Let us prove Lemma 3 under the assumption that the function \(r(x)\) admits at an arbitrary requested point a \(({{\delta }_{r}},{{L}_{r}},{{\mu }_{r}})\)-gradient \(\nabla {{r}_{{{{\delta }_{r}}}}}(x)\) and the function \(g(x)\) admits a \(({{\delta }_{g}},{{L}_{g}},{{\mu }_{g}})\)-gradient \(\nabla {{g}_{{{{\delta }_{g}}}}}(x)\). This means that, for arbitrary \(x,y \in {{\mathbb{R}}^{n}}\), we have the following inequalities:

$$\begin{gathered} \frac{{{{\mu }_{r}}}}{2} - \left\| {x - y} \right\|_{2}^{2} - {{\delta }_{r}} \leqslant r(x) - r(y) - \left\langle {\nabla {{r}_{{{{\delta }_{r}}}}}(y),x - y} \right\rangle \leqslant \frac{{{{L}_{r}}}}{2}\left\| {x - y} \right\|_{2}^{2} + {{\delta }_{r}}, \\ \frac{{{{\mu }_{g}}}}{2} - \left\| {x - y} \right\|_{2}^{2} - {{\delta }_{g}} \leqslant g(x) - g(y) - \left\langle {\nabla {{g}_{{{{\delta }_{g}}}}}(y),x - y} \right\rangle \leqslant \frac{{{{L}_{g}}}}{2}\left\| {x - y} \right\|_{2}^{2} + {{\delta }_{g}}, \\ \end{gathered} $$
(A7)

where \({{\delta }_{r}} \geqslant 0\) and \({{\delta }_{g}} \geqslant 0\).

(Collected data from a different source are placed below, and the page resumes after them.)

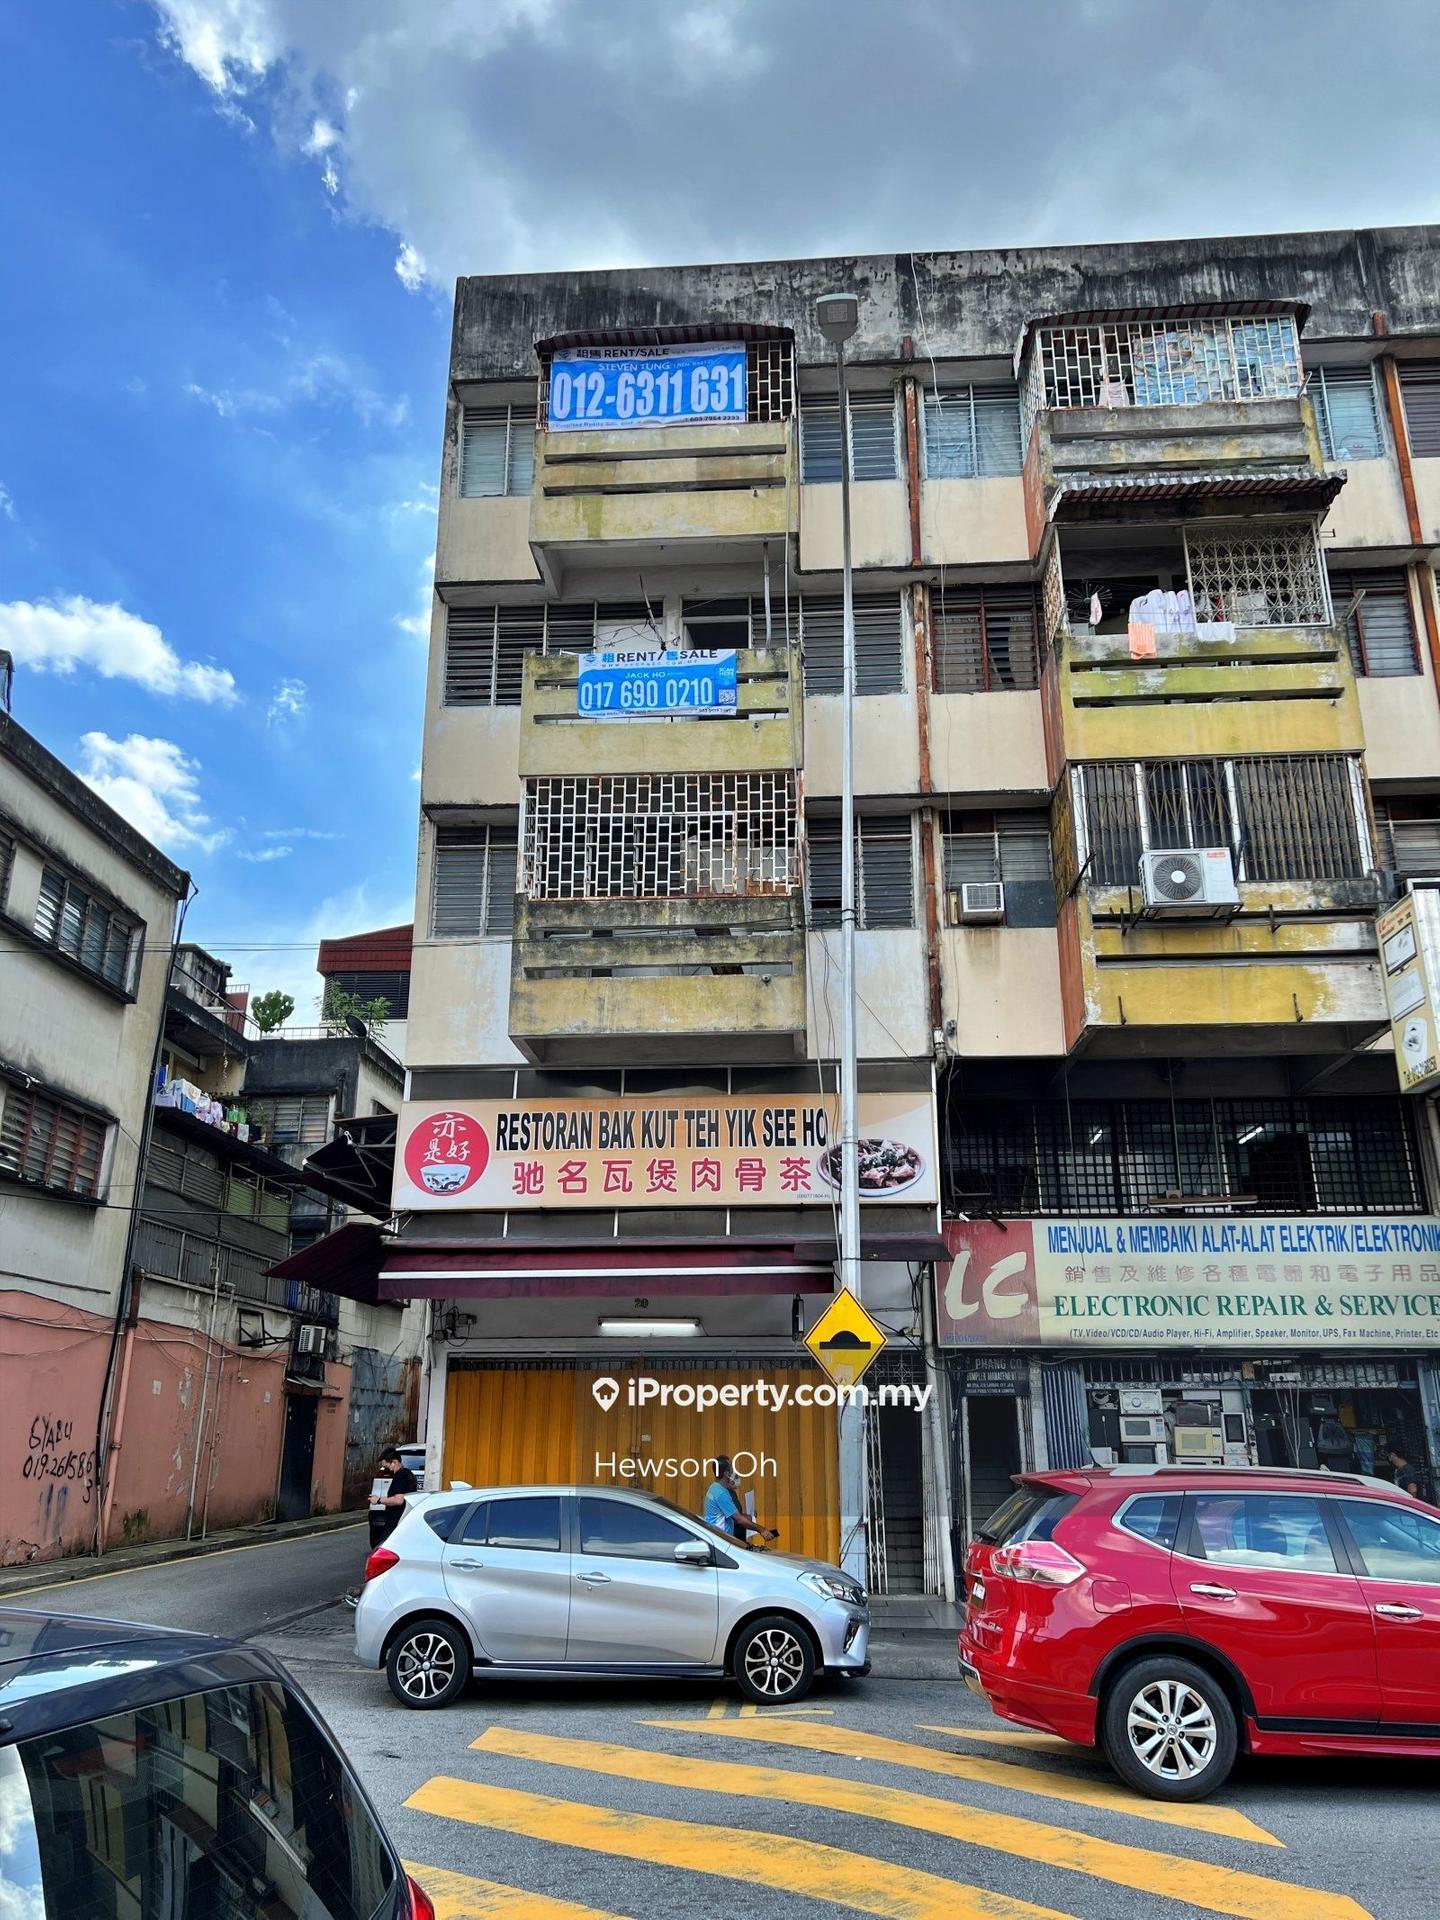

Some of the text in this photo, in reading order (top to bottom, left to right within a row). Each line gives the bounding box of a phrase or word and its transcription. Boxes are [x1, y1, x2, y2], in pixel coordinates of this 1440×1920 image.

[604, 348, 670, 358] RENT/SALE
[598, 363, 638, 371] STEVEN
[553, 364, 743, 419] 012-6311 631
[680, 649, 718, 659] SALE
[581, 677, 713, 709] 017 690 0210
[431, 1113, 467, 1138] 亦
[496, 1108, 828, 1151] RESTORAN BAK KUT TEH YIK SEE HO
[423, 1138, 471, 1164] 是好
[512, 1156, 811, 1195] 驰名瓦煲肉骨茶
[1048, 1225, 1112, 1253] MENJUAL
[1116, 1226, 1126, 1253] &
[1129, 1225, 1196, 1253] MEMBAIKI
[1202, 1224, 1275, 1252] ALAT-ALAT
[1053, 1294, 1440, 1317] ELECTRONIC REPAIR & SERVICE
[1167, 1328, 1192, 1339] Player,
[1217, 1328, 1253, 1339] Amplifier,
[1255, 1328, 1288, 1339] Speaker,
[1342, 1328, 1356, 1337] Fax
[1359, 1328, 1393, 1339] Machine,
[1395, 1328, 1425, 1338] Printer,

In fact, to justify the main results of the work, the statement of Lemma 3 for the less restrictive concept of the (\(\delta ,L\)) -gradient under the assumption of strong convexity of \(g\) and \(r\) is sufficient. Since it is assumed that both \(r\) and \(g\) allows inexact values of the gradients at the requested points, we can set, for definiteness, \({{L}_{r}} \leqslant {{L}_{g}}\).

Algorithm 5. Accelerated proximal gradient method with inexact gradient values.

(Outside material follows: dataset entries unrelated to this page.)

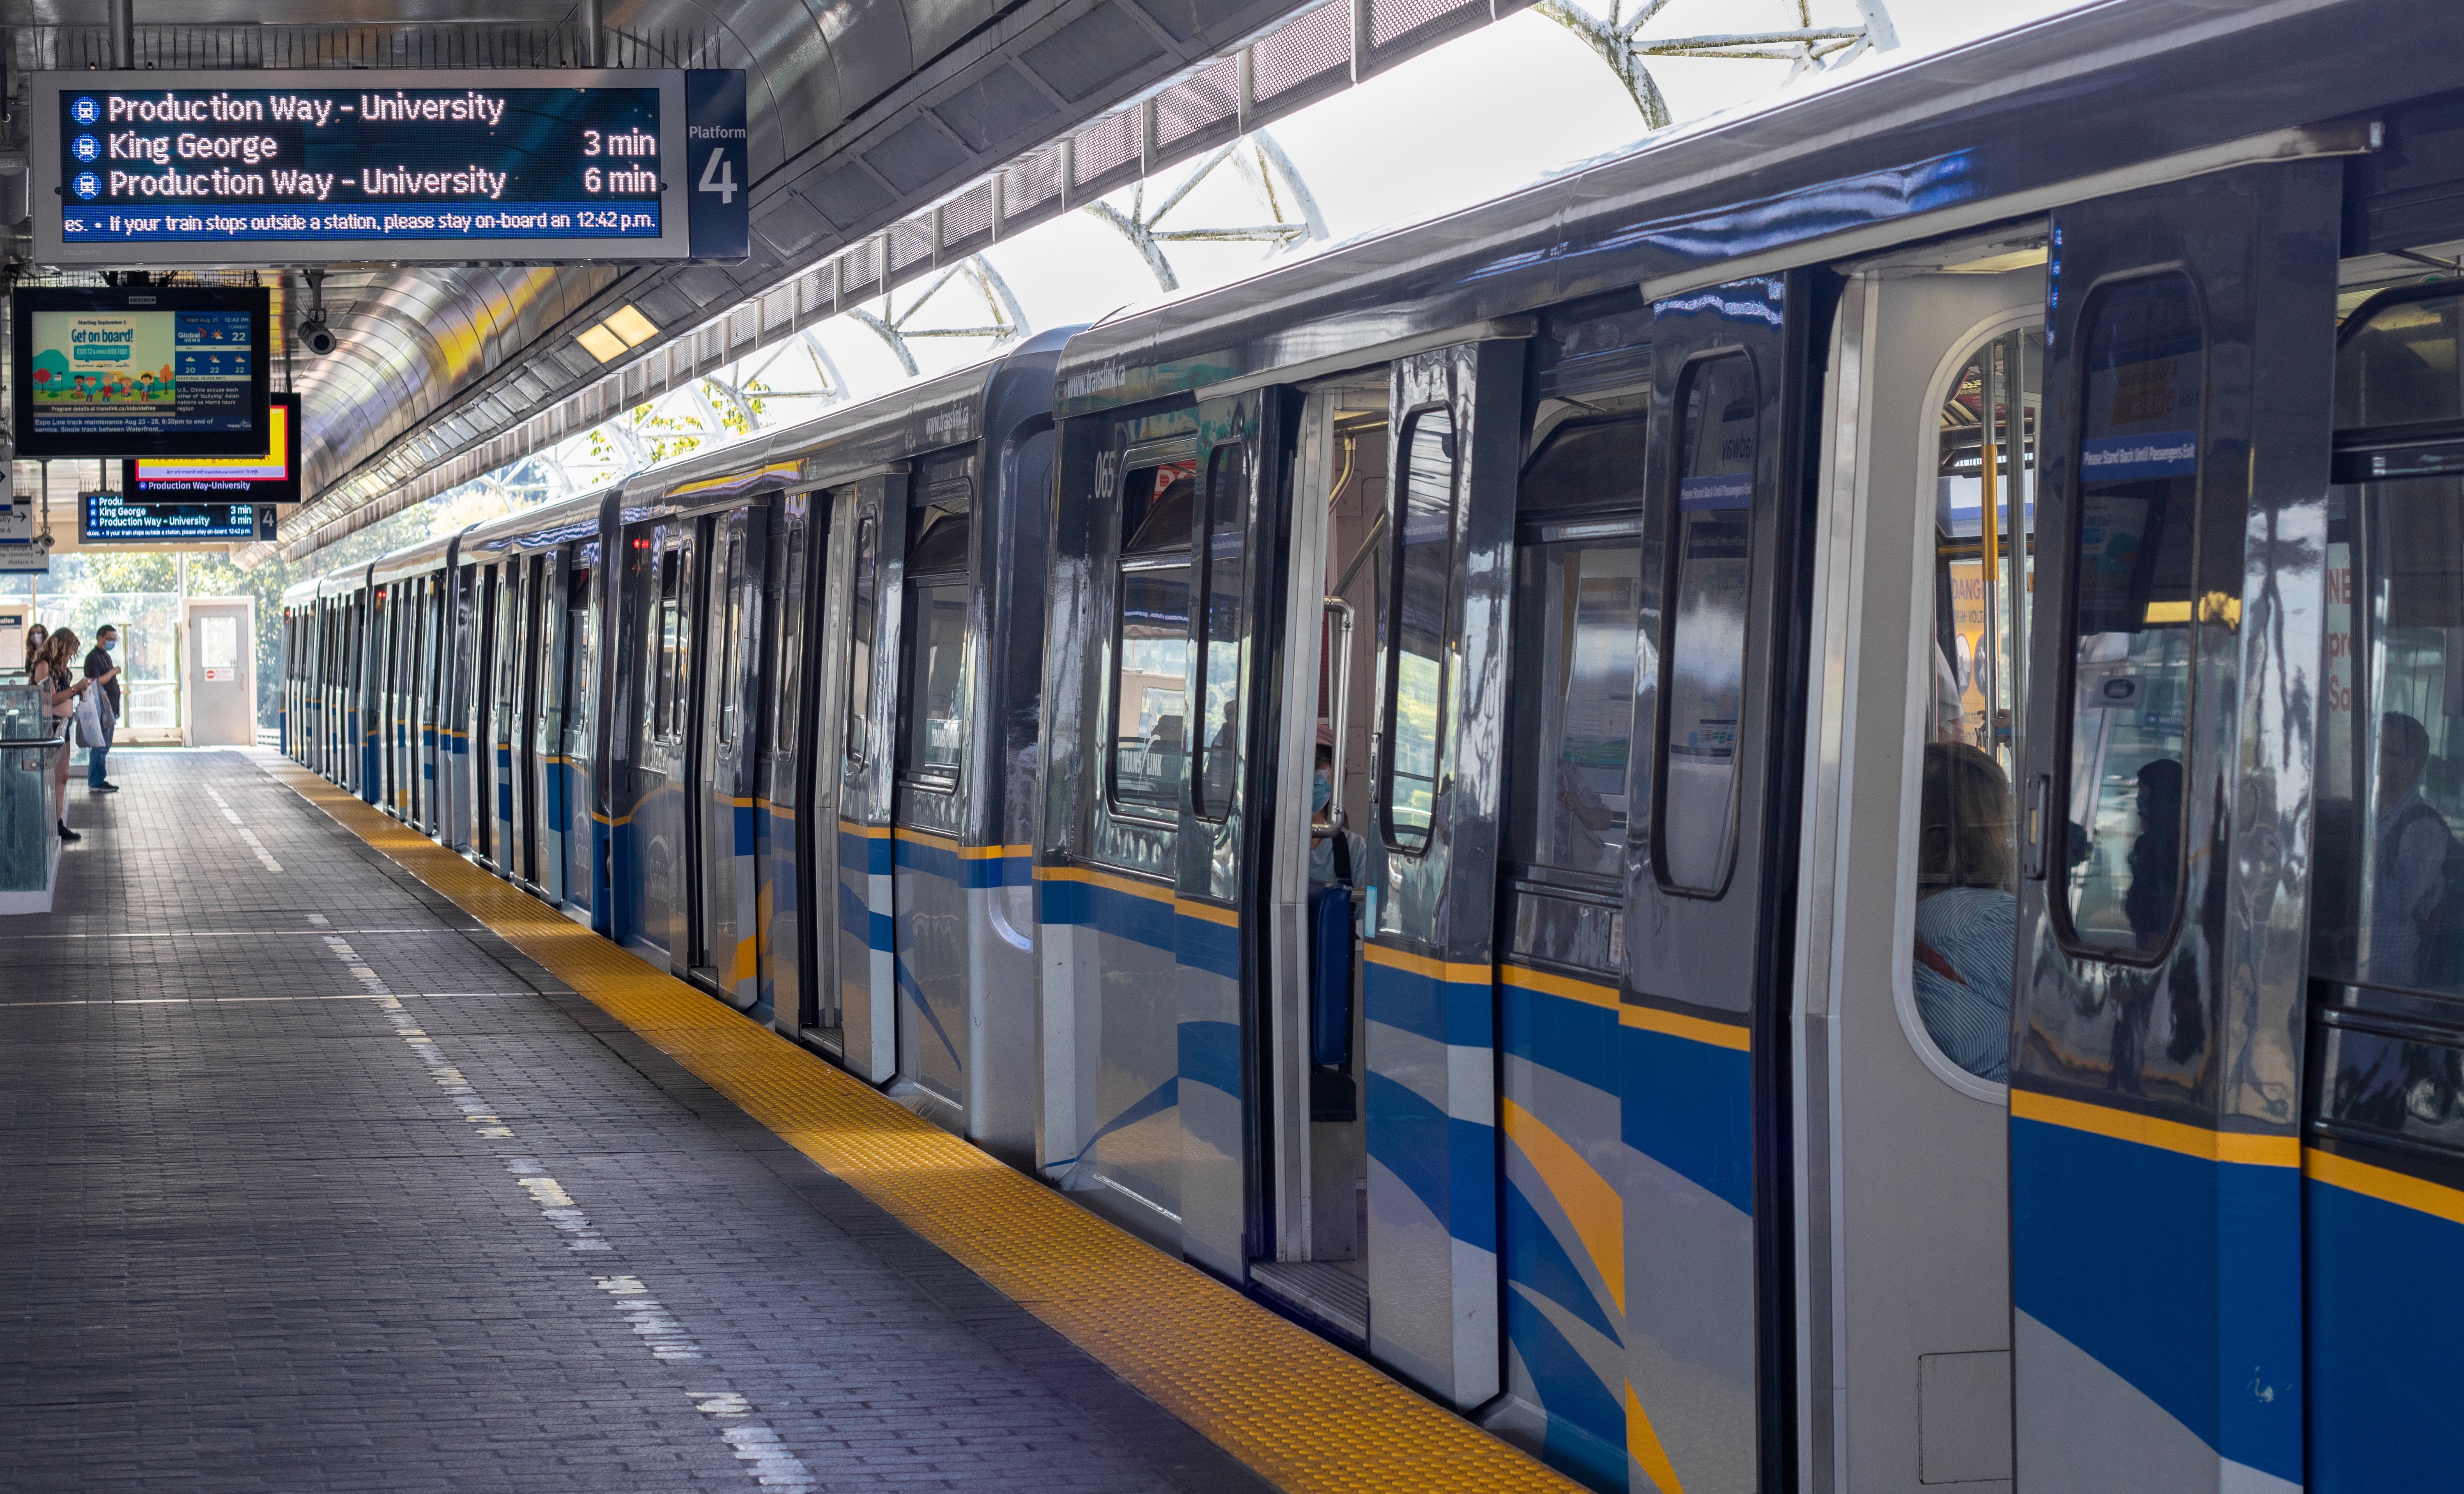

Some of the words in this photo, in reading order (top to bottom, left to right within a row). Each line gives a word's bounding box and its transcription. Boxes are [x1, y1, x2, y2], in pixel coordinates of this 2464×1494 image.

[108, 93, 262, 121] Production
[269, 96, 331, 126] Way
[361, 92, 504, 125] University
[584, 131, 600, 156] 3
[609, 128, 656, 156] min
[690, 126, 746, 138] Platform
[110, 131, 170, 164] King
[177, 133, 277, 163] George
[110, 168, 264, 195] Production
[271, 170, 333, 200] Way
[363, 165, 506, 198] University
[585, 168, 601, 192] 6
[609, 165, 656, 192] min
[699, 148, 738, 204] 4
[65, 218, 88, 232] es.
[110, 216, 121, 231] If
[124, 218, 161, 235] your
[165, 215, 202, 231] train
[205, 216, 248, 235] stops
[251, 214, 307, 230] outside
[310, 218, 321, 230] a
[324, 214, 381, 230] station,
[384, 213, 434, 233] please
[439, 213, 471, 232] stay
[476, 212, 547, 228] on-board
[551, 216, 570, 228] an
[577, 211, 617, 228] 12:42
[621, 215, 655, 232] p.m.
[71, 329, 87, 343] Get
[88, 331, 100, 342] on
[102, 328, 133, 342] board!
[232, 332, 246, 341] 22
[1068, 359, 1126, 399] www.translink.ca
[926, 401, 969, 435] www.translink.ca
[2083, 451, 2101, 466] Please
[2102, 448, 2119, 465] Stand
[2119, 447, 2133, 463] Back
[2134, 446, 2148, 462] Until
[2149, 446, 2182, 463] Passengers
[2183, 443, 2195, 458] Exit
[149, 481, 191, 489] Production
[193, 480, 251, 490] Way-University
[1095, 451, 1115, 499] 065
[99, 507, 116, 517] King
[118, 508, 146, 517] George
[230, 505, 236, 514] 3
[237, 504, 252, 514] min
[231, 516, 236, 525] 6
[237, 515, 252, 524] min
[262, 510, 274, 527] 4
[99, 517, 143, 526] Production
[144, 517, 162, 527] Way
[169, 515, 210, 527] University
[1954, 610, 1966, 623] IGH
[1968, 610, 1984, 623] VOLT
[1122, 750, 1142, 774] TRANS
[1147, 752, 1163, 777] LINK

1: Parameters: \({{x}^{0}} \in {{\mathbb{R}}^{n}}\), steps \(\alpha ,\beta \in (0,1)\), \(\eta > 0\).

2: \({{y}^{0}} = {{z}^{0}} = {{x}^{0}}\).

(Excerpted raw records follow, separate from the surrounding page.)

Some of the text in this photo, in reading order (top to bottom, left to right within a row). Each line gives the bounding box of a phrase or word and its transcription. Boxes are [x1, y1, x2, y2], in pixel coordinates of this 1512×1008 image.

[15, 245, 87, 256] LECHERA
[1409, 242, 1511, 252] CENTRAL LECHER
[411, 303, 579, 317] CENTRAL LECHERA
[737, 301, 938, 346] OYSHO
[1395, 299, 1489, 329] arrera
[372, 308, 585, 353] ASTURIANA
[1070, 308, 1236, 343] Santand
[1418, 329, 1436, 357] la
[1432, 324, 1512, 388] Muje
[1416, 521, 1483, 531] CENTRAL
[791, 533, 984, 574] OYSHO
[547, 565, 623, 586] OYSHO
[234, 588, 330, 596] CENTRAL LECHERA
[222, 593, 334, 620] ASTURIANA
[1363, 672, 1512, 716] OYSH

3: for \(k = 0,1,2, \ldots \) do

4:  \({{x}^{k}} = \alpha {{z}^{k}} + (1 - \alpha ){{y}^{k}}\)

5:  \({{y}^{{k + 1}}} \approx \mathop {\hat {y}}\nolimits^{k + 1} : = \mathop {{\text{prox}}}\nolimits_{\tfrac{1}{{{{L}_{r}}}}g(\cdot )} \left( {{{x}^{k}} - \tfrac{1}{{{{L}_{r}}}}\nabla {{r}_{{{{\delta }_{r}}}}}({{x}^{k}})} \right)\) (\({{y}^{{k + 1}}}\) is the approximate value of this operator, found by solving an auxiliary optimization problem by the fast gradient method)

6:  \({{z}^{{k + 1}}} = \beta {{z}^{k}} + (1 - \beta ){{x}^{k}} + \eta ({{y}^{{k + 1}}} - {{x}^{k}})\).

7: end for

We will apply to considered problem (A6) the following method, which implies solving an auxiliary subproblem by a fast gradient method under the condition of an inexactness specified (\({{\delta }_{g}},{{L}_{g}},{{\mu }_{g}}\))-gradient of \(g\).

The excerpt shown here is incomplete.